Maintenance vehicle crossing/shared space
The shared path will cross KiwiRail and Watercare access roads located at the basin end of the path. This is unavoidable, as we are unable to re-route the shared path or move the access points. However, we are working with Watercare and KiwiRail to ensure the design in this section creates the safest environment possible.
- Install a bollard(s) to prevent unauthorised vehicle access.
- Use markings/surface treatments on the path to indicate the shared space.
- Install signs to alert path users and maintenance people of each other’s presence.
We sought feedback on the proposed design to make sure the proposal meets the needs of locals and the different users of the area in the best possible way.
The consultation closed on Friday, 9 November 2018.
- Consider all feedback and use it to help refine the design.
- Prepare and publish a report on the feedback received. The report will include any changes made to the proposed design following the feedback period.

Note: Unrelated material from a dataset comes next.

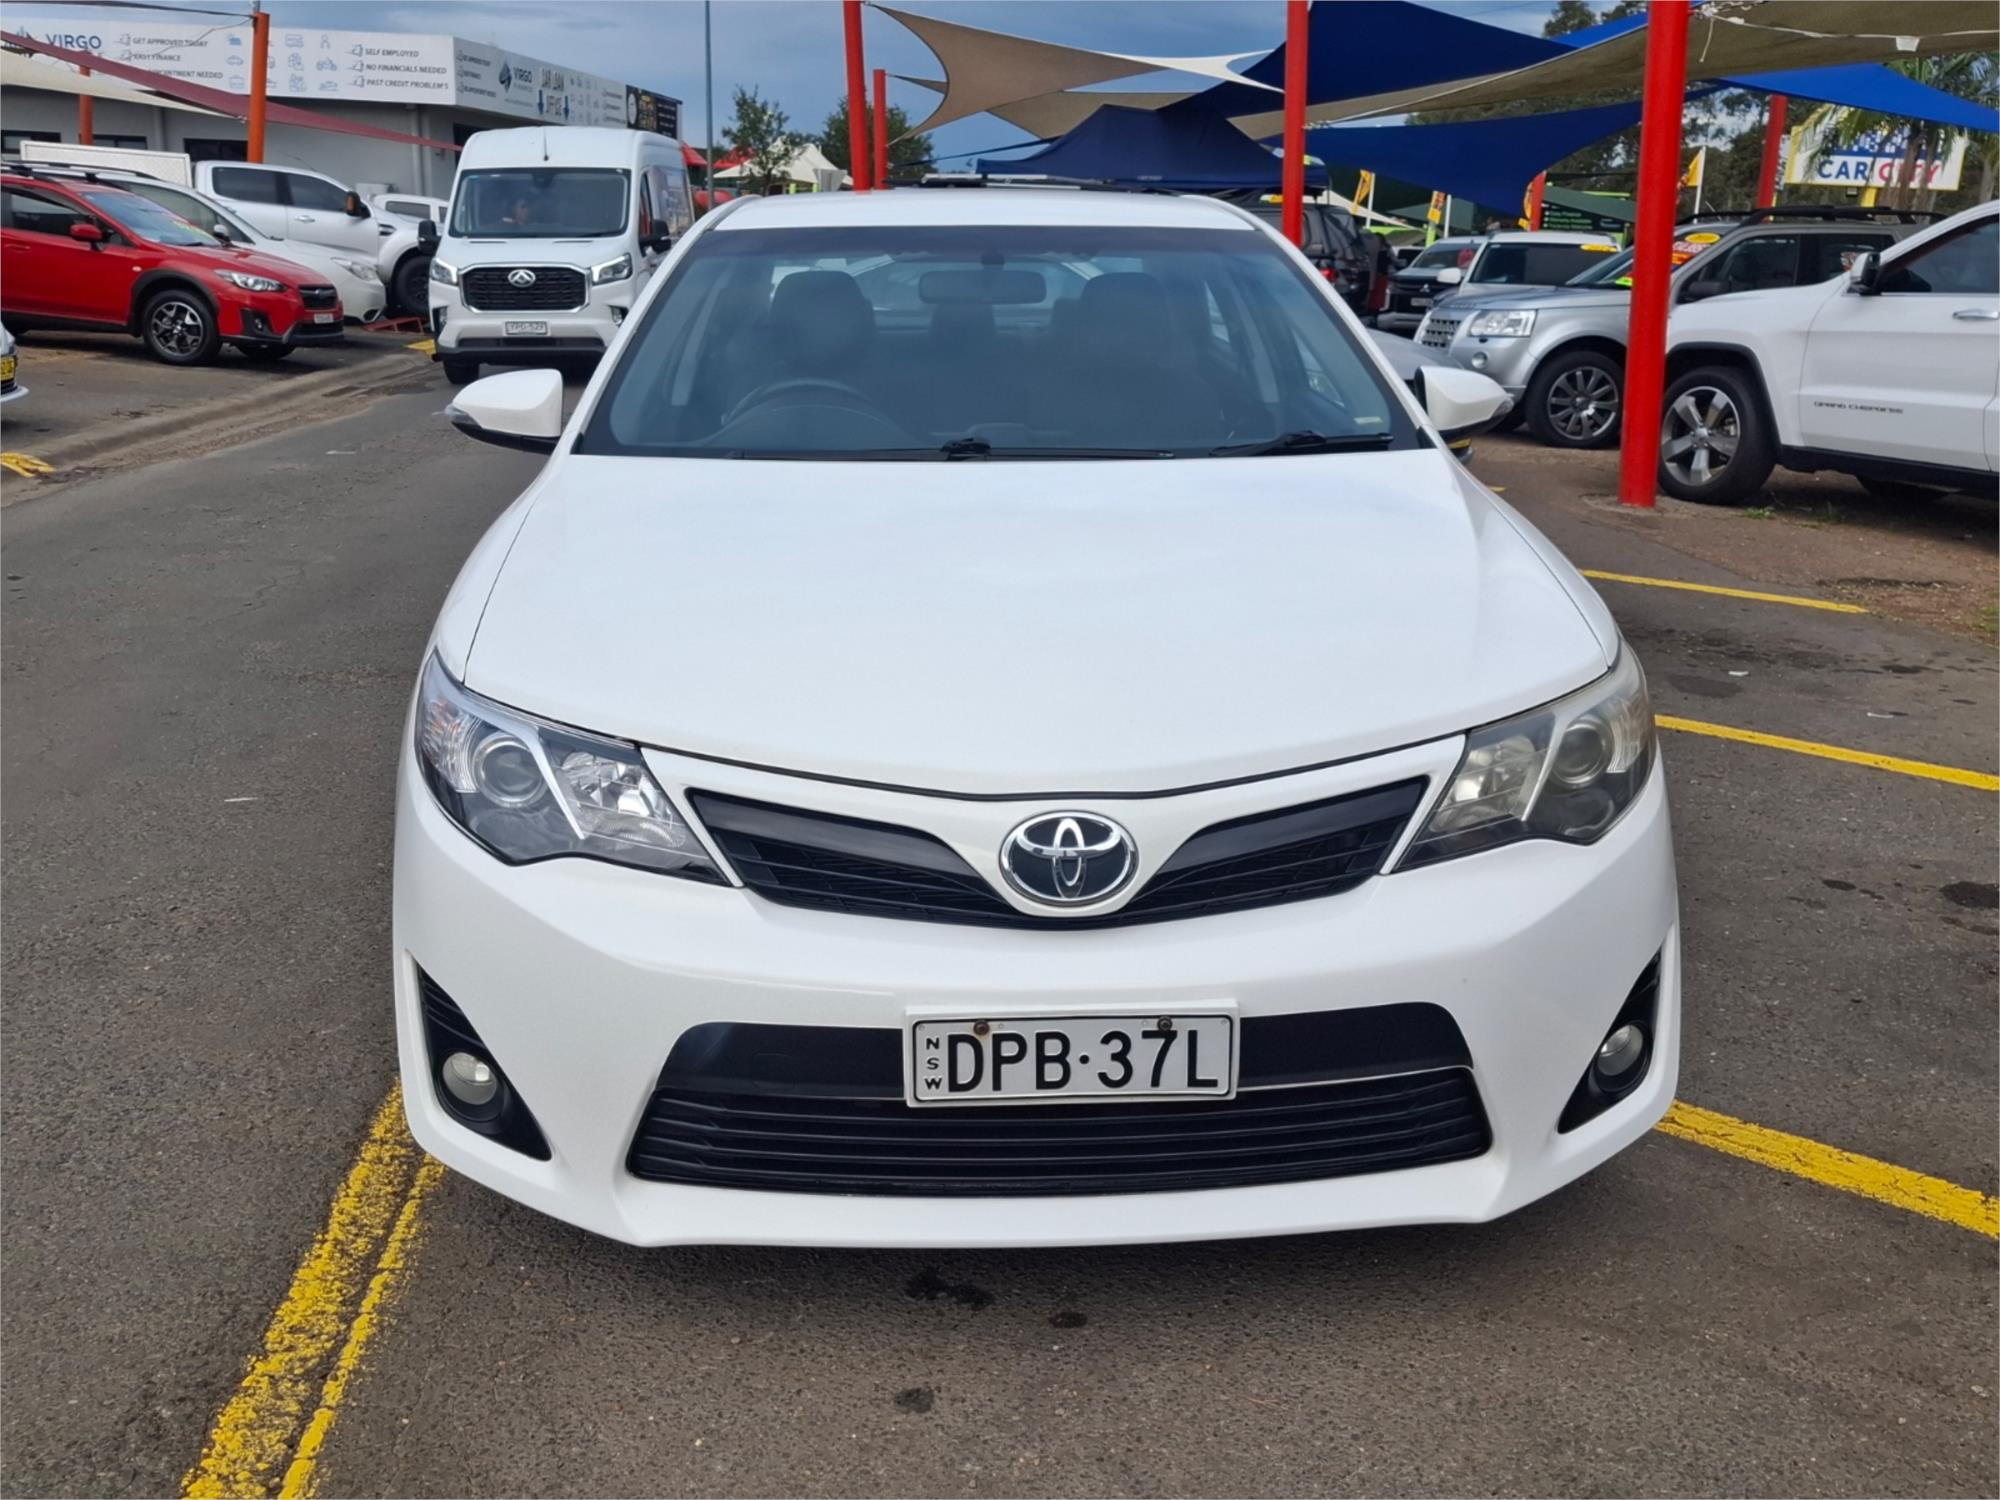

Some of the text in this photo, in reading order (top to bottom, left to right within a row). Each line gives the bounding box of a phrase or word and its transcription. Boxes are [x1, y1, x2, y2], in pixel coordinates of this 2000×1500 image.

- If you provided your contact details when you gave us feedback, we will notify you when the report is available.
The NZ Transport Agency and Auckland Transport undertook two rounds of community consultation about a replacement balustrade for Section 3 of the Glen Innes to Tamaki Drive Shared Path between September and December 2018.
We received a strong message from the community in the first round of consultation that they believe a height of 1.2 metres is appropriate for the boardwalk handrail and we are pleased to be able to provide this on this section of the path.
Following the second round of feedback the design and materials of a replacement balustrade for the Orakei Basin boardwalk has been selected.
The balustrade that has been selected (pictured below), from two options, comprises a mix of metal and wood, with thin metal slats to provide the best visibility of the surrounding area. This option received 67% of votes (156 votes) from the 233 people overall who took part in the survey.
We are now focused on getting the new balustrade manufactured and installed as soon as possible so that this section of the path can be fully open for everyone to enjoy.
The boardwalk is expected to be finished by the middle of 2019. The NZ Transport Agency and AT are grateful to the public for their feedback and also for their patience while the work is undertaken to complete this section of the path.
AT and NZTA sought feedback on the preferred route for section 4 in 2017, and received a good support for the preferred route.
We received many suggestions and are using this to inform the design, which is currently underway. We will share the design with the community for feedback once the initial design is complete.
The exact alignment of the route along the coastline is indicative at this stage. Further investigation during the design phase (underway) and public feedback will help us determine the best possible positioning.